[LISTED ENTRIES]

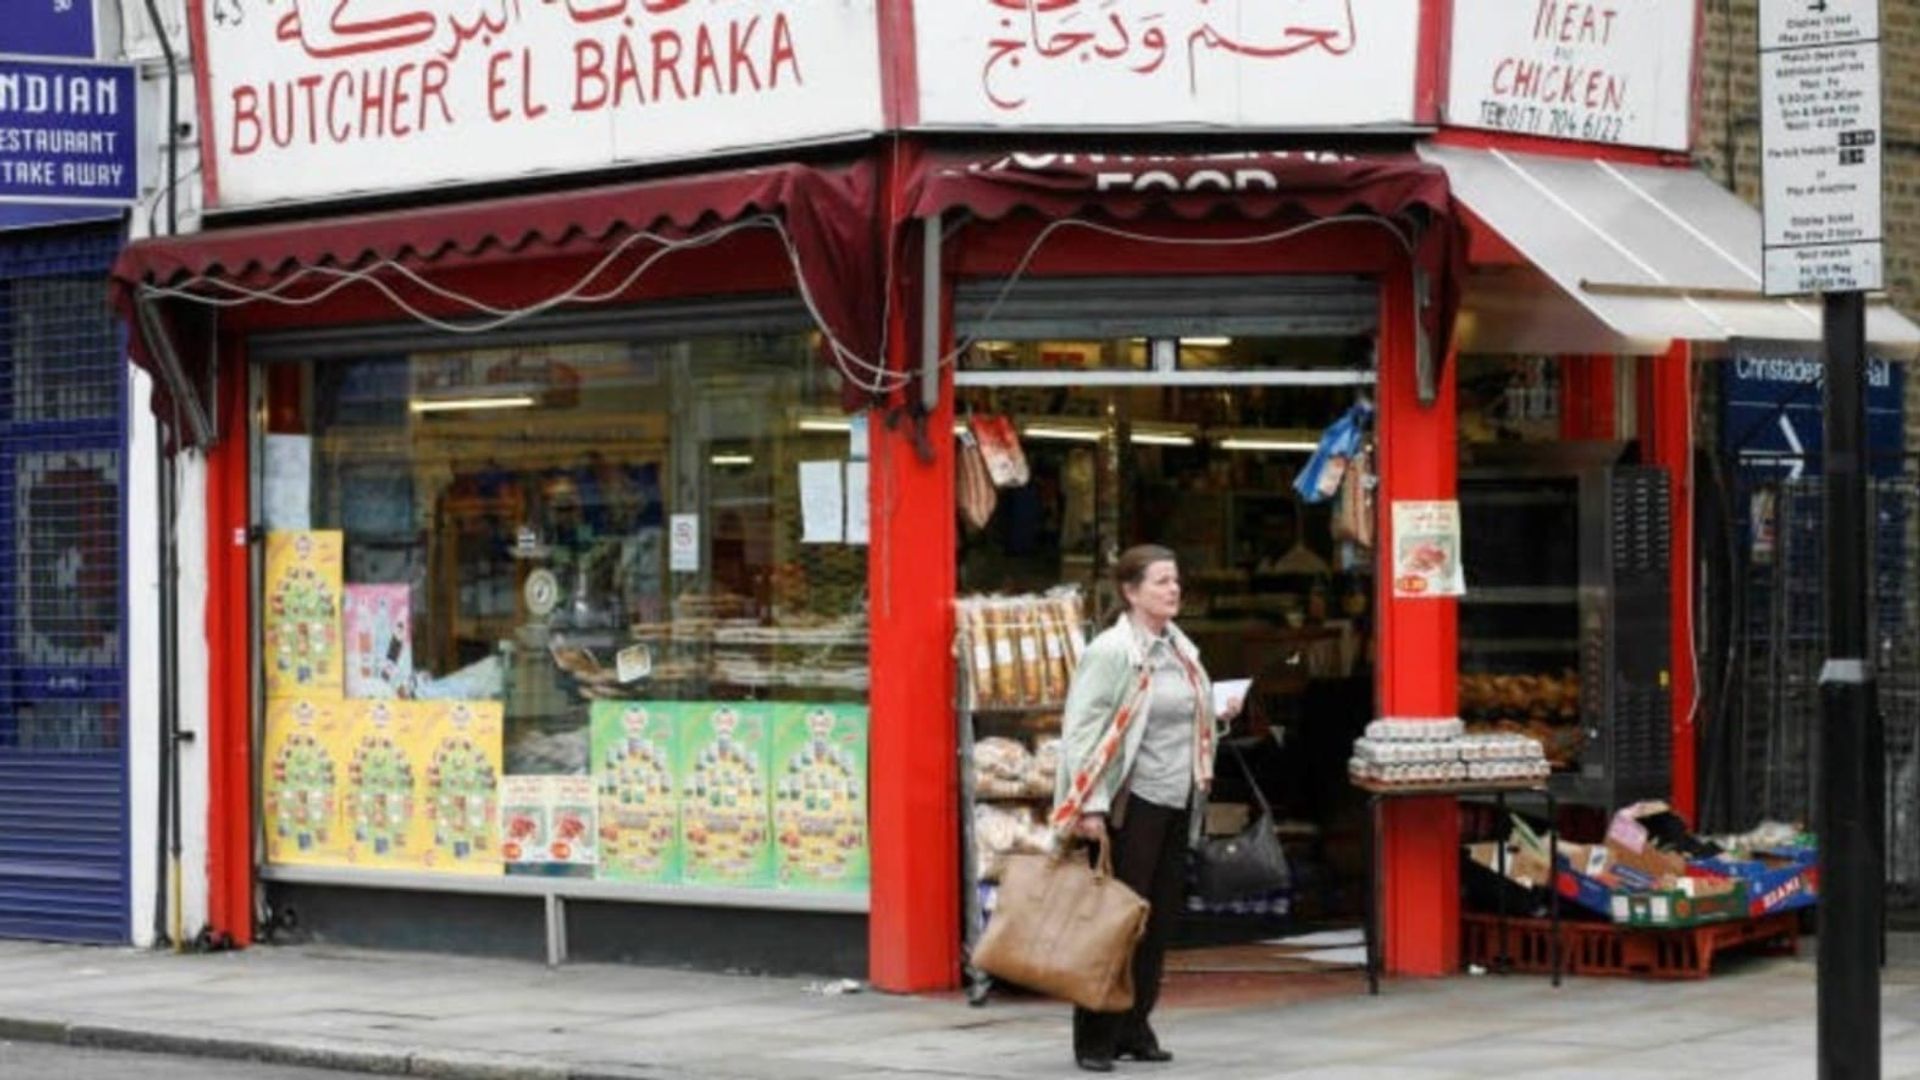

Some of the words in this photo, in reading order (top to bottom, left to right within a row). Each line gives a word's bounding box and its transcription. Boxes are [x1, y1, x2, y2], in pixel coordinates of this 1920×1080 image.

[1533, 0, 1617, 44] MEAT
[231, 60, 454, 155] BUTCHER
[488, 48, 547, 122] EL
[571, 12, 803, 111] BARAKA
[1493, 57, 1627, 112] CHICKEN
[4, 161, 56, 185] TAKE
[62, 164, 124, 186] AWAY

[ACTIVITY] Quote the records in full and exactly; skip any image.

[EXERCISE RESULT]
Some of the words in this photo, in reading order (top to bottom, left to right within a row). Each line gives a word's bounding box and its transcription. Boxes are [x1, y1, x2, y2], in pixel coordinates of this 1920×1080 image.

[1533, 0, 1617, 44] MEAT
[231, 60, 454, 155] BUTCHER
[488, 48, 547, 122] EL
[571, 12, 803, 111] BARAKA
[1493, 57, 1627, 112] CHICKEN
[4, 161, 56, 185] TAKE
[62, 164, 124, 186] AWAY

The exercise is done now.